Com isso, vê-se que agrupar, estereotipar e classificar comportamentos, e


portanto, indivíduos é uma necessidade de organizar e disciplinar a sociedade,
sendo o diagnóstico provido dos especialistas em saúde mental um reflexo
disto. Esta necessidade social manifesta-se presente desde a antiguidade,
sendo a loucura apenas mais uma forma de caracterização e agrupamento.

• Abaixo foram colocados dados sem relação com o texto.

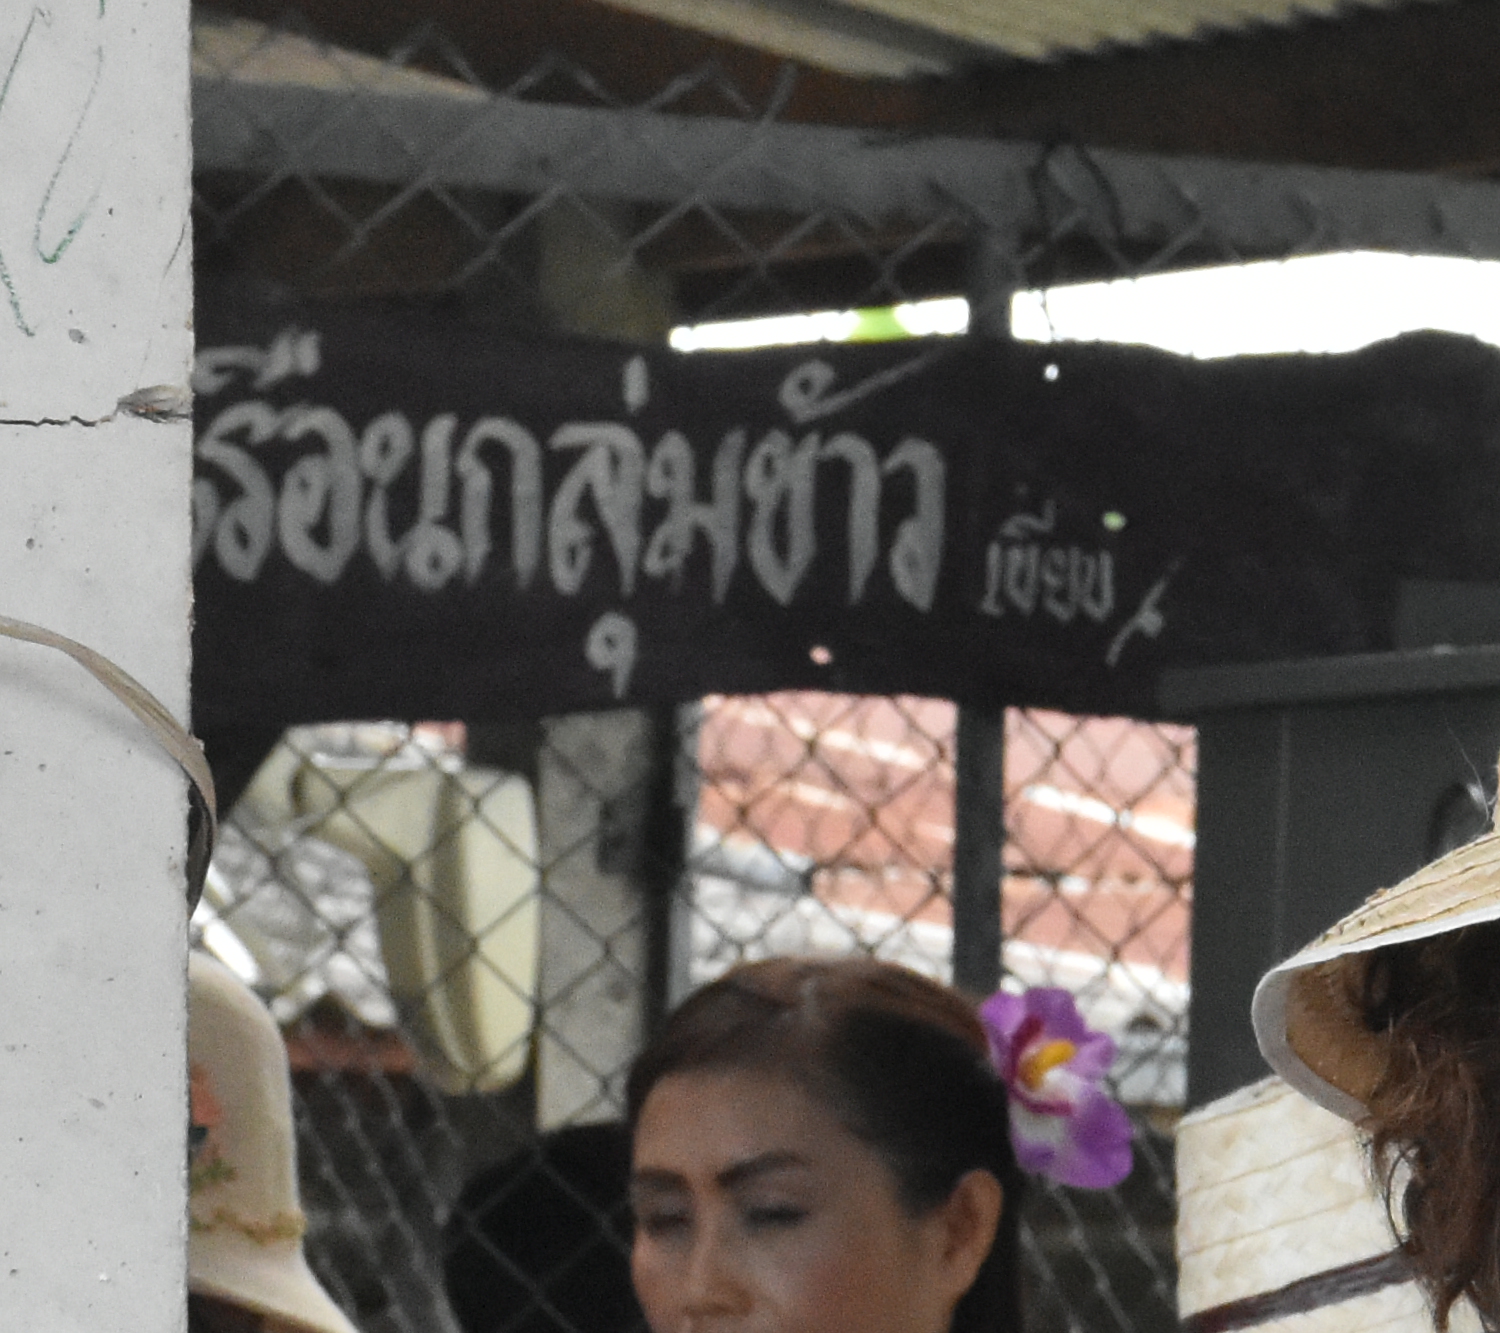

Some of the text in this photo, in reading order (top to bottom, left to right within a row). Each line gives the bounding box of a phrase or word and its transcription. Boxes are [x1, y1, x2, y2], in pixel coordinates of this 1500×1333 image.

[192, 328, 948, 698] รือนกลุ่มข้าว
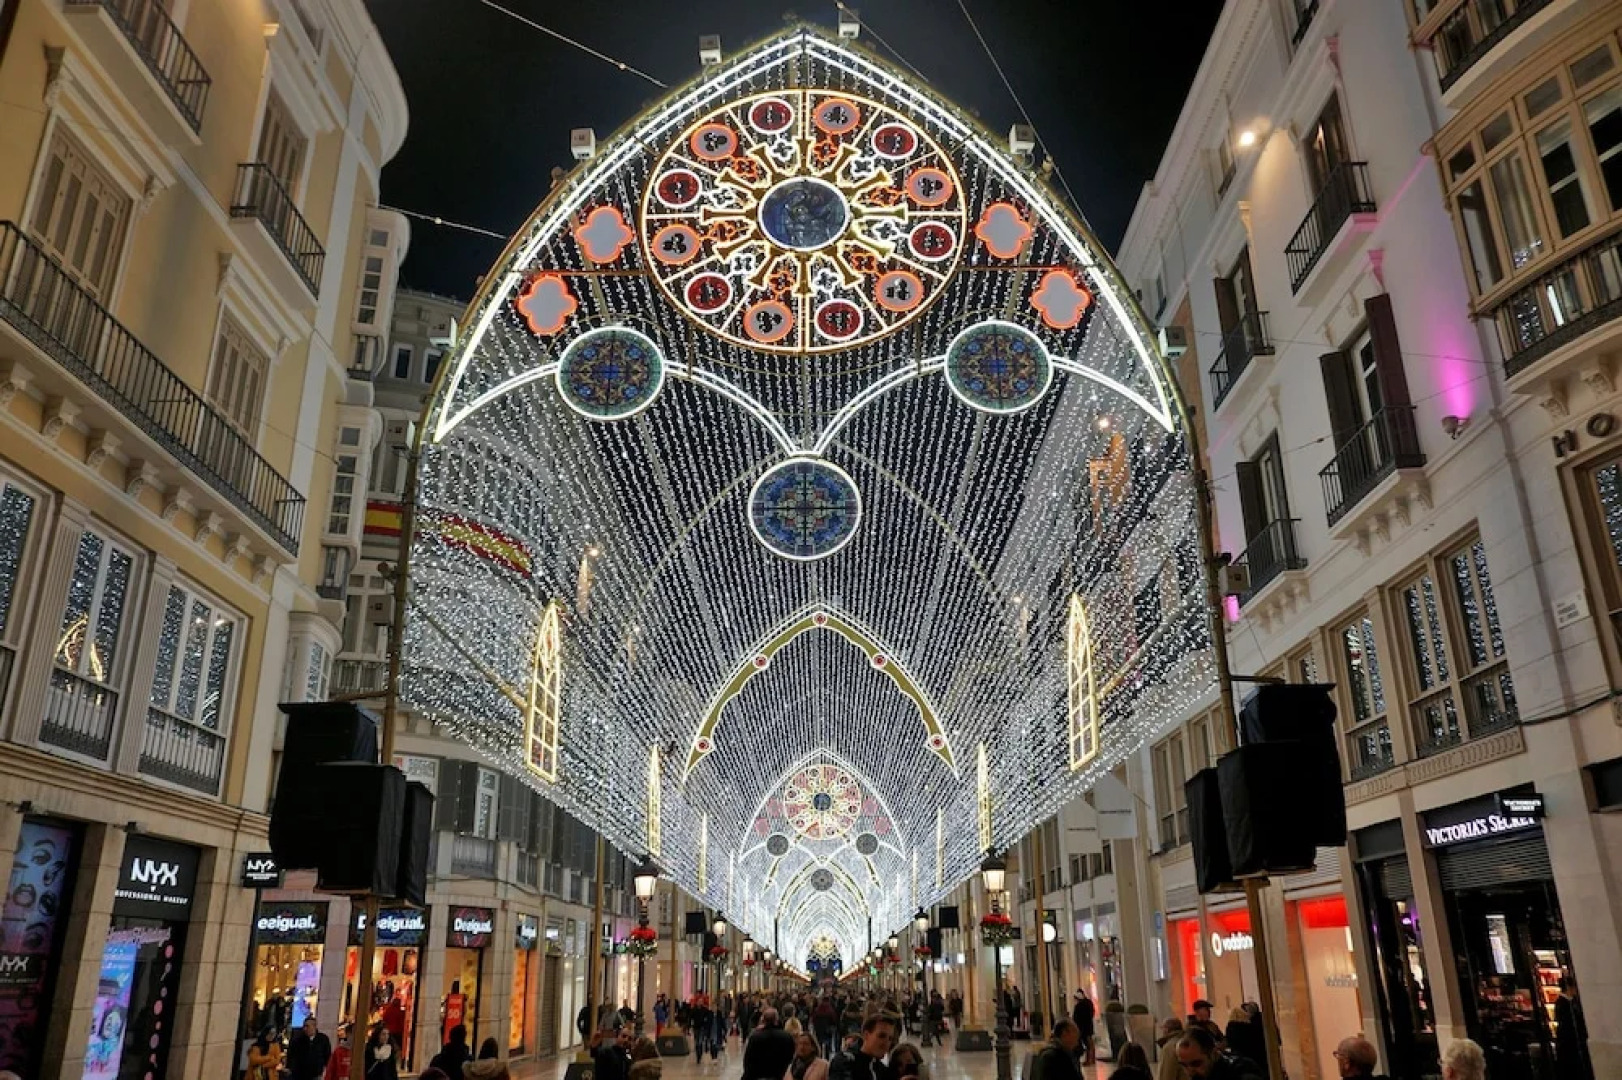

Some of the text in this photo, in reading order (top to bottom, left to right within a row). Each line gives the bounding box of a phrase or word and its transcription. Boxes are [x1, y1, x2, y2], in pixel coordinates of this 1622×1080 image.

[1426, 819, 1488, 844] VICTORIA'S
[131, 857, 179, 892] NYX
[257, 915, 316, 932] esigual.
[1222, 931, 1253, 951] vodafon
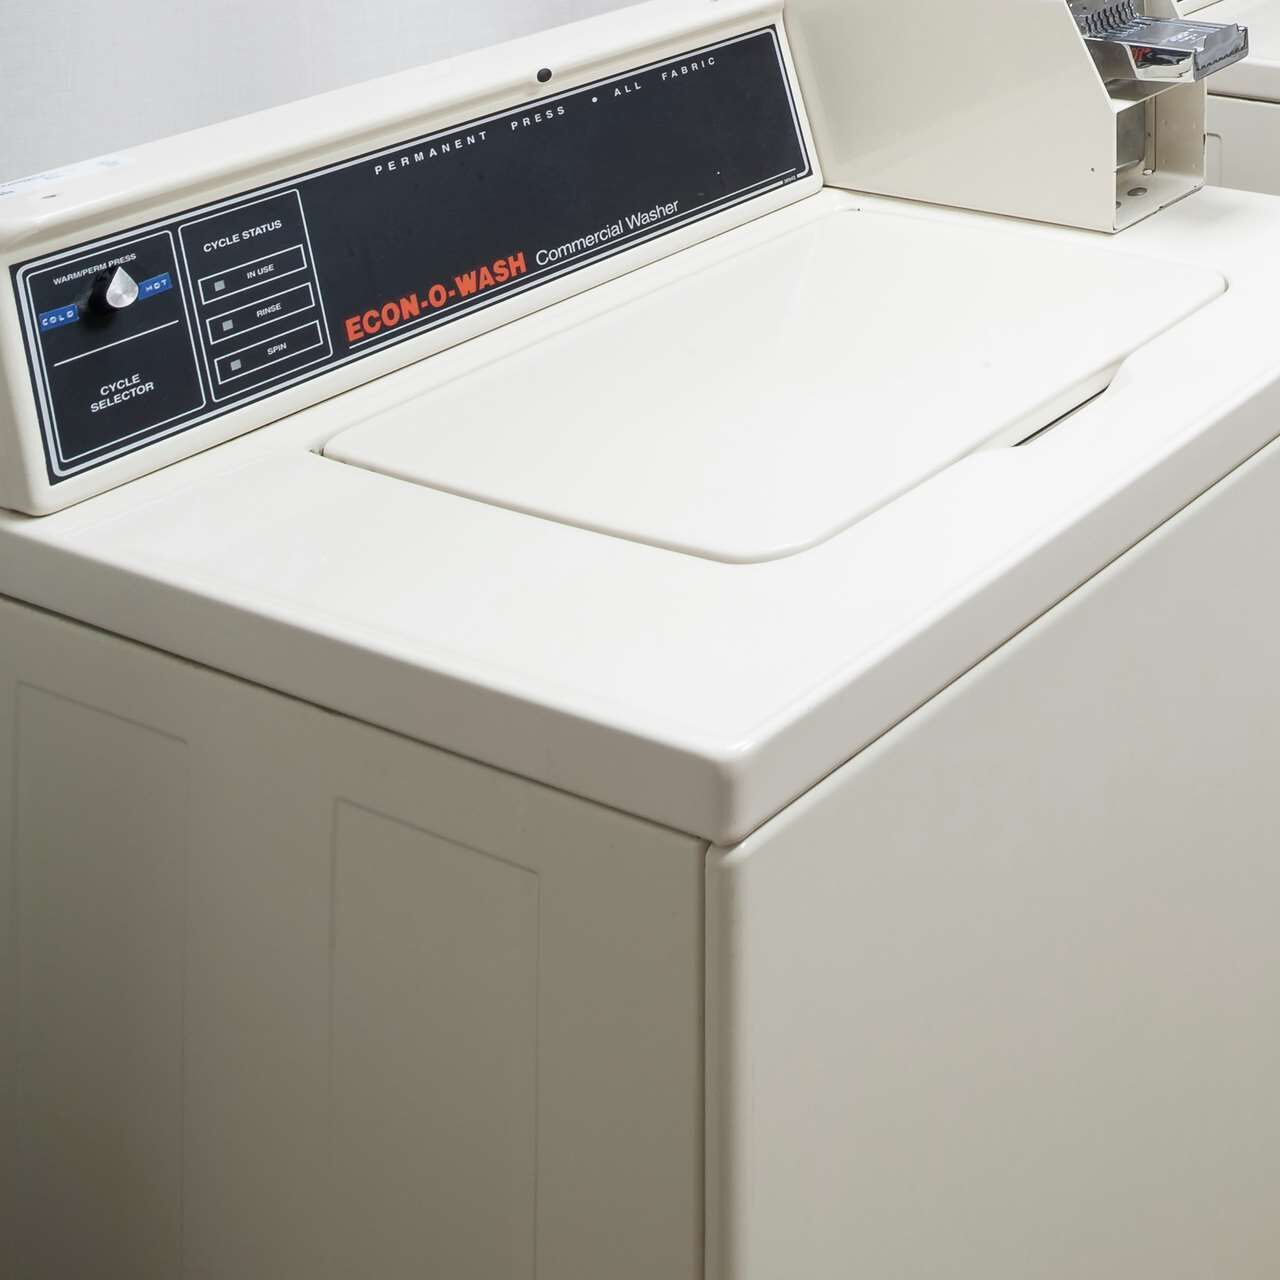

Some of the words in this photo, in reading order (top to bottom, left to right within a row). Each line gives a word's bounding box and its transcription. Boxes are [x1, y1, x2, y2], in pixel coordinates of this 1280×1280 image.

Apesar da designação da palavra sofrer alterações ao longo do tempo, um
aspecto crucial sempre foi preservado: a loucura é sempre associada a uma
personalidade e/ou comportamento inadequado socialmente. Mas a constante
necessidade do Doutor Simão em conhecer profundamente o fenômeno da
loucura e defini-la precisamente, deveria então atingir os cientistas atuais? Não
apenas em Itaguaí - mas em todas as cidades, regiões e sociedades - vê-se
que não há um ser humano se quer que não possua uma mínima parte da sua
personalidade que não compatibilize com os valores e princípios do seu grupo
social pertencente. E assim mais uma vez é retomado o questionamento: todos
então são loucos? Quais os critérios para caracterizar alguém como louco? A
obra induz esta reflexão do inicio até depois do seu fim, do mesmo modo em
que este texto iniciou-se com essas e irá finalizar sem uma resposta concreta.
Se perceber a loucura como um agir diferente do padrão, talvez a loucura seja
uma característica interessante de se possuir? Não se sabe. Talvez a
verdadeira loucura seja não reconhecer a singularidade de cada um, a
imperfeição do ser em relação ao pré-estabelecido socialmente. Talvez ainda,
o louco pode ser aquele que possui a necessidade de poder e dominação.
Ainda assim, talvez o Doutor Simão conseguiu validar o que tanto queria: a sua
teoria. Talvez louco mesmo era ele, representação daquele que se considera
perfeito e que espera comportamentos dos demais condizentes apenas com o
seu agir. Não se sabe. A loucura até os dias atuais deixa brechas para que
cada um a conceitue, e talvez, a si mesmo caracterize – qualificando-o ou não.